What you have to do
Output every record below exactly.

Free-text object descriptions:
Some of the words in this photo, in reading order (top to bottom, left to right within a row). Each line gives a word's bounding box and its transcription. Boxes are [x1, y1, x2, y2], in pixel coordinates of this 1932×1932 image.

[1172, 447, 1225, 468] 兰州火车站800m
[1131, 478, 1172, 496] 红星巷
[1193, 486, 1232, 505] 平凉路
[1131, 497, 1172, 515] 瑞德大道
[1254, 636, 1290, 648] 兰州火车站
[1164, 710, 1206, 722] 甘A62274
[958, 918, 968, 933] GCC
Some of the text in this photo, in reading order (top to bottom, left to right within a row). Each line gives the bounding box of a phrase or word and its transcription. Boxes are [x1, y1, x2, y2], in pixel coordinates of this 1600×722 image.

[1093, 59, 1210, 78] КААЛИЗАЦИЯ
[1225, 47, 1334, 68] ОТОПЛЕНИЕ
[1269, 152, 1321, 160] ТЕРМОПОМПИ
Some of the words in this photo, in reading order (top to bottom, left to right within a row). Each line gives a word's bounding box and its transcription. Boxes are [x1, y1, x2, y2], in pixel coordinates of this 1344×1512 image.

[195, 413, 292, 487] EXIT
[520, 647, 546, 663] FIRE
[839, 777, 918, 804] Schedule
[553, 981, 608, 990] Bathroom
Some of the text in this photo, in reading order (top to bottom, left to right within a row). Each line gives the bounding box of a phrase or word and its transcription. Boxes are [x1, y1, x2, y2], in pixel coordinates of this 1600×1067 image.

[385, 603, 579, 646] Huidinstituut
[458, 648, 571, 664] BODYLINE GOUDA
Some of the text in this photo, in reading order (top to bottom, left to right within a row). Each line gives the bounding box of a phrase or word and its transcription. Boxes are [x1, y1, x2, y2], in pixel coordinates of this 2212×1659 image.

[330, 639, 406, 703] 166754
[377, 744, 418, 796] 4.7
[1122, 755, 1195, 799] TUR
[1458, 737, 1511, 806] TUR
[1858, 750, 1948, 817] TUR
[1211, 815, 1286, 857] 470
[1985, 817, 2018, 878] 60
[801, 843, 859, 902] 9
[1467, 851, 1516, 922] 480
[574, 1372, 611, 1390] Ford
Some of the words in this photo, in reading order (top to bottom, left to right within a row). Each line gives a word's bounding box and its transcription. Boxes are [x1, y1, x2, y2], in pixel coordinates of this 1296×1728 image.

Response to this exercise
Some of the words in this photo, in reading order (top to bottom, left to right within a row). Each line gives a word's bounding box and its transcription. Boxes are [x1, y1, x2, y2], in pixel coordinates of this 1932×1932 image.

[1172, 447, 1225, 468] 兰州火车站800m
[1131, 478, 1172, 496] 红星巷
[1193, 486, 1232, 505] 平凉路
[1131, 497, 1172, 515] 瑞德大道
[1254, 636, 1290, 648] 兰州火车站
[1164, 710, 1206, 722] 甘A62274
[958, 918, 968, 933] GCC
Some of the text in this photo, in reading order (top to bottom, left to right within a row). Each line gives the bounding box of a phrase or word and its transcription. Boxes are [x1, y1, x2, y2], in pixel coordinates of this 1600×722 image.

[1093, 59, 1210, 78] КААЛИЗАЦИЯ
[1225, 47, 1334, 68] ОТОПЛЕНИЕ
[1269, 152, 1321, 160] ТЕРМОПОМПИ
Some of the words in this photo, in reading order (top to bottom, left to right within a row). Each line gives a word's bounding box and its transcription. Boxes are [x1, y1, x2, y2], in pixel coordinates of this 1344×1512 image.

[195, 413, 292, 487] EXIT
[520, 647, 546, 663] FIRE
[839, 777, 918, 804] Schedule
[553, 981, 608, 990] Bathroom
Some of the text in this photo, in reading order (top to bottom, left to right within a row). Each line gives the bounding box of a phrase or word and its transcription. Boxes are [x1, y1, x2, y2], in pixel coordinates of this 1600×1067 image.

[385, 603, 579, 646] Huidinstituut
[458, 648, 571, 664] BODYLINE GOUDA
Some of the text in this photo, in reading order (top to bottom, left to right within a row). Each line gives the bounding box of a phrase or word and its transcription. Boxes are [x1, y1, x2, y2], in pixel coordinates of this 2212×1659 image.

[330, 639, 406, 703] 166754
[377, 744, 418, 796] 4.7
[1122, 755, 1195, 799] TUR
[1458, 737, 1511, 806] TUR
[1858, 750, 1948, 817] TUR
[1211, 815, 1286, 857] 470
[1985, 817, 2018, 878] 60
[801, 843, 859, 902] 9
[1467, 851, 1516, 922] 480
[574, 1372, 611, 1390] Ford
Some of the words in this photo, in reading order (top to bottom, left to right within a row). Each line gives a word's bounding box and its transcription. Boxes are [x1, y1, x2, y2], in pixel coordinates of this 1296×1728 image.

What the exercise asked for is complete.